# [RECORDS FOR THIS TASK]
━━━━

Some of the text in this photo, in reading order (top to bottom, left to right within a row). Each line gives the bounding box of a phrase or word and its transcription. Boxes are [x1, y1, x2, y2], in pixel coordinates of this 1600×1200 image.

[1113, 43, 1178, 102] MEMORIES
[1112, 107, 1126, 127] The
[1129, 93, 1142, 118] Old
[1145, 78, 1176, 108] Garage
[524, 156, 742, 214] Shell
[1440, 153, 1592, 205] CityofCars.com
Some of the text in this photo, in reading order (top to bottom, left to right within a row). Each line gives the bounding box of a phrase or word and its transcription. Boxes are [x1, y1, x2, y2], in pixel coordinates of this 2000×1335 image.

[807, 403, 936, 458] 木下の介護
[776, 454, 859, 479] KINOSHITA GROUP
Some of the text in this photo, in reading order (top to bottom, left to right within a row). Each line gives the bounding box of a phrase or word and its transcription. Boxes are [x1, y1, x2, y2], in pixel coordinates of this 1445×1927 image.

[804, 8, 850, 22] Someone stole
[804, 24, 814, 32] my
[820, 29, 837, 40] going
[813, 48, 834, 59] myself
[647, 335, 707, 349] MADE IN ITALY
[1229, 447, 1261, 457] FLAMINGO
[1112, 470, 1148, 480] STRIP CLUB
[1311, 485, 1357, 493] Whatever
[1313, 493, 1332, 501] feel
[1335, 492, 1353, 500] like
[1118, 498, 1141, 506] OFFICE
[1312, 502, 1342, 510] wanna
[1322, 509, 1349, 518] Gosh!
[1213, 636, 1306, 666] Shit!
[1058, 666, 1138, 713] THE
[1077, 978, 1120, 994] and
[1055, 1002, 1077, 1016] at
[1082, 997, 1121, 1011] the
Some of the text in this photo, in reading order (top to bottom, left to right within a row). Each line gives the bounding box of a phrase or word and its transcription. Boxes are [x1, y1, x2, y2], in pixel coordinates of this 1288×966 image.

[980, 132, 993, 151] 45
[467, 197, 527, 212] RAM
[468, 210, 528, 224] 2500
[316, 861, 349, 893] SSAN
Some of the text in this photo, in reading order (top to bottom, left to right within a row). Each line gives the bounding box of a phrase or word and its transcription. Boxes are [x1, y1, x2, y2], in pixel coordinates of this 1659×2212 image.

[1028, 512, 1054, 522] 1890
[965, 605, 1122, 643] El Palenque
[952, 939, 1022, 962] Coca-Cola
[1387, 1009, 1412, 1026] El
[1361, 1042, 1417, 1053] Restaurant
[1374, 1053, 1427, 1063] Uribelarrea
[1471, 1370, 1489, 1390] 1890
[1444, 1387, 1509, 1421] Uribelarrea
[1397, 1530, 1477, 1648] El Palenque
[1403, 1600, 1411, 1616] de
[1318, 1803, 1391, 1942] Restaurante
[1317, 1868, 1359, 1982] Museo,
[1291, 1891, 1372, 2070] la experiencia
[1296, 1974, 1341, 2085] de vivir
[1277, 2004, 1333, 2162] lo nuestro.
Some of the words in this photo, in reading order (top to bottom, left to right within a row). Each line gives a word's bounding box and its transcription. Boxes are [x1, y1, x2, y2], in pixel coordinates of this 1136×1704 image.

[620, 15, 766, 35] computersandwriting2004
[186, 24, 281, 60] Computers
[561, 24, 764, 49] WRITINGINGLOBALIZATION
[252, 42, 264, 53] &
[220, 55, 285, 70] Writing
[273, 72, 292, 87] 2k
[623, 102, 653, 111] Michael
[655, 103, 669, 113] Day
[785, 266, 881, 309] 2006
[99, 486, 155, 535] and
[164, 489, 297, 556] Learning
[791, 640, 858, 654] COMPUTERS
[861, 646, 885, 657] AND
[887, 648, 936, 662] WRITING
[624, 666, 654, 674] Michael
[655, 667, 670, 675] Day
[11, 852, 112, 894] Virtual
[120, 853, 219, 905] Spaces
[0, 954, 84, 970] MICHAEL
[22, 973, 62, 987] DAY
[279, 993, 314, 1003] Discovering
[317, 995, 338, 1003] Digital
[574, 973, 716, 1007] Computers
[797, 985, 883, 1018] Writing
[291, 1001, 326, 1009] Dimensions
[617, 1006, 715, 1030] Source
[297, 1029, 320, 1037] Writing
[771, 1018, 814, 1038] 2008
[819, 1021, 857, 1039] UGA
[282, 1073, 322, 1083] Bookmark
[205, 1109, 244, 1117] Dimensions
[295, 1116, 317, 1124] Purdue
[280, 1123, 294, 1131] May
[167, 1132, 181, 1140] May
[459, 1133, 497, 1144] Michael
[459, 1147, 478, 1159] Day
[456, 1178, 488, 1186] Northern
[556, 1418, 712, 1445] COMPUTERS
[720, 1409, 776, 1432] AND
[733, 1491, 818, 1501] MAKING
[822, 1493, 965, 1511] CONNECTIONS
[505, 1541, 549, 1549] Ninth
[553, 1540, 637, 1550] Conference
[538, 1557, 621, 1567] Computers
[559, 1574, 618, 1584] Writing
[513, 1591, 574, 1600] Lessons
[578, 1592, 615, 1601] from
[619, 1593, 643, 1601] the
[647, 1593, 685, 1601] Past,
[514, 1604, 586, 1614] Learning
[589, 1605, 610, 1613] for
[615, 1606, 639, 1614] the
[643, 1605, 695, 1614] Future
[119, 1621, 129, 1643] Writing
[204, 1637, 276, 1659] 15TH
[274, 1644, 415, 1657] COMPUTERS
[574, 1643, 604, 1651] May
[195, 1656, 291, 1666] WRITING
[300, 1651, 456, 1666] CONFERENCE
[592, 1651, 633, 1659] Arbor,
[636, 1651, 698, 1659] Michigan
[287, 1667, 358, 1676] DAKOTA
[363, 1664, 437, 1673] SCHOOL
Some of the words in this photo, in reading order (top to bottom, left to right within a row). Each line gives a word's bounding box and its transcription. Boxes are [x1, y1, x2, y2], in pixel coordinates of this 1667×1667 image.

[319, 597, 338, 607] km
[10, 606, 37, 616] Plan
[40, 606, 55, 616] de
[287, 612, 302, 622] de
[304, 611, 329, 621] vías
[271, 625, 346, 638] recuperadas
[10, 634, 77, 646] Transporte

━━━━

# [TASK DESCRIPTION]
Output each entry exactly. Leave none out.

# [RESPONSE AREA]
Some of the text in this photo, in reading order (top to bottom, left to right within a row). Each line gives the bounding box of a phrase or word and its transcription. Boxes are [x1, y1, x2, y2], in pixel coordinates of this 1600×1200 image.

[1113, 43, 1178, 102] MEMORIES
[1112, 107, 1126, 127] The
[1129, 93, 1142, 118] Old
[1145, 78, 1176, 108] Garage
[524, 156, 742, 214] Shell
[1440, 153, 1592, 205] CityofCars.com
Some of the text in this photo, in reading order (top to bottom, left to right within a row). Each line gives the bounding box of a phrase or word and its transcription. Boxes are [x1, y1, x2, y2], in pixel coordinates of this 2000×1335 image.

[807, 403, 936, 458] 木下の介護
[776, 454, 859, 479] KINOSHITA GROUP
Some of the text in this photo, in reading order (top to bottom, left to right within a row). Each line gives the bounding box of a phrase or word and its transcription. Boxes are [x1, y1, x2, y2], in pixel coordinates of this 1445×1927 image.

[804, 8, 850, 22] Someone stole
[804, 24, 814, 32] my
[820, 29, 837, 40] going
[813, 48, 834, 59] myself
[647, 335, 707, 349] MADE IN ITALY
[1229, 447, 1261, 457] FLAMINGO
[1112, 470, 1148, 480] STRIP CLUB
[1311, 485, 1357, 493] Whatever
[1313, 493, 1332, 501] feel
[1335, 492, 1353, 500] like
[1118, 498, 1141, 506] OFFICE
[1312, 502, 1342, 510] wanna
[1322, 509, 1349, 518] Gosh!
[1213, 636, 1306, 666] Shit!
[1058, 666, 1138, 713] THE
[1077, 978, 1120, 994] and
[1055, 1002, 1077, 1016] at
[1082, 997, 1121, 1011] the
Some of the text in this photo, in reading order (top to bottom, left to right within a row). Each line gives the bounding box of a phrase or word and its transcription. Boxes are [x1, y1, x2, y2], in pixel coordinates of this 1288×966 image.

[980, 132, 993, 151] 45
[467, 197, 527, 212] RAM
[468, 210, 528, 224] 2500
[316, 861, 349, 893] SSAN
Some of the text in this photo, in reading order (top to bottom, left to right within a row). Each line gives the bounding box of a phrase or word and its transcription. Boxes are [x1, y1, x2, y2], in pixel coordinates of this 1659×2212 image.

[1028, 512, 1054, 522] 1890
[965, 605, 1122, 643] El Palenque
[952, 939, 1022, 962] Coca-Cola
[1387, 1009, 1412, 1026] El
[1361, 1042, 1417, 1053] Restaurant
[1374, 1053, 1427, 1063] Uribelarrea
[1471, 1370, 1489, 1390] 1890
[1444, 1387, 1509, 1421] Uribelarrea
[1397, 1530, 1477, 1648] El Palenque
[1403, 1600, 1411, 1616] de
[1318, 1803, 1391, 1942] Restaurante
[1317, 1868, 1359, 1982] Museo,
[1291, 1891, 1372, 2070] la experiencia
[1296, 1974, 1341, 2085] de vivir
[1277, 2004, 1333, 2162] lo nuestro.
Some of the words in this photo, in reading order (top to bottom, left to right within a row). Each line gives a word's bounding box and its transcription. Boxes are [x1, y1, x2, y2], in pixel coordinates of this 1136×1704 image.

[620, 15, 766, 35] computersandwriting2004
[186, 24, 281, 60] Computers
[561, 24, 764, 49] WRITINGINGLOBALIZATION
[252, 42, 264, 53] &
[220, 55, 285, 70] Writing
[273, 72, 292, 87] 2k
[623, 102, 653, 111] Michael
[655, 103, 669, 113] Day
[785, 266, 881, 309] 2006
[99, 486, 155, 535] and
[164, 489, 297, 556] Learning
[791, 640, 858, 654] COMPUTERS
[861, 646, 885, 657] AND
[887, 648, 936, 662] WRITING
[624, 666, 654, 674] Michael
[655, 667, 670, 675] Day
[11, 852, 112, 894] Virtual
[120, 853, 219, 905] Spaces
[0, 954, 84, 970] MICHAEL
[22, 973, 62, 987] DAY
[279, 993, 314, 1003] Discovering
[317, 995, 338, 1003] Digital
[574, 973, 716, 1007] Computers
[797, 985, 883, 1018] Writing
[291, 1001, 326, 1009] Dimensions
[617, 1006, 715, 1030] Source
[297, 1029, 320, 1037] Writing
[771, 1018, 814, 1038] 2008
[819, 1021, 857, 1039] UGA
[282, 1073, 322, 1083] Bookmark
[205, 1109, 244, 1117] Dimensions
[295, 1116, 317, 1124] Purdue
[280, 1123, 294, 1131] May
[167, 1132, 181, 1140] May
[459, 1133, 497, 1144] Michael
[459, 1147, 478, 1159] Day
[456, 1178, 488, 1186] Northern
[556, 1418, 712, 1445] COMPUTERS
[720, 1409, 776, 1432] AND
[733, 1491, 818, 1501] MAKING
[822, 1493, 965, 1511] CONNECTIONS
[505, 1541, 549, 1549] Ninth
[553, 1540, 637, 1550] Conference
[538, 1557, 621, 1567] Computers
[559, 1574, 618, 1584] Writing
[513, 1591, 574, 1600] Lessons
[578, 1592, 615, 1601] from
[619, 1593, 643, 1601] the
[647, 1593, 685, 1601] Past,
[514, 1604, 586, 1614] Learning
[589, 1605, 610, 1613] for
[615, 1606, 639, 1614] the
[643, 1605, 695, 1614] Future
[119, 1621, 129, 1643] Writing
[204, 1637, 276, 1659] 15TH
[274, 1644, 415, 1657] COMPUTERS
[574, 1643, 604, 1651] May
[195, 1656, 291, 1666] WRITING
[300, 1651, 456, 1666] CONFERENCE
[592, 1651, 633, 1659] Arbor,
[636, 1651, 698, 1659] Michigan
[287, 1667, 358, 1676] DAKOTA
[363, 1664, 437, 1673] SCHOOL
Some of the words in this photo, in reading order (top to bottom, left to right within a row). Each line gives a word's bounding box and its transcription. Boxes are [x1, y1, x2, y2], in pixel coordinates of this 1667×1667 image.

[319, 597, 338, 607] km
[10, 606, 37, 616] Plan
[40, 606, 55, 616] de
[287, 612, 302, 622] de
[304, 611, 329, 621] vías
[271, 625, 346, 638] recuperadas
[10, 634, 77, 646] Transporte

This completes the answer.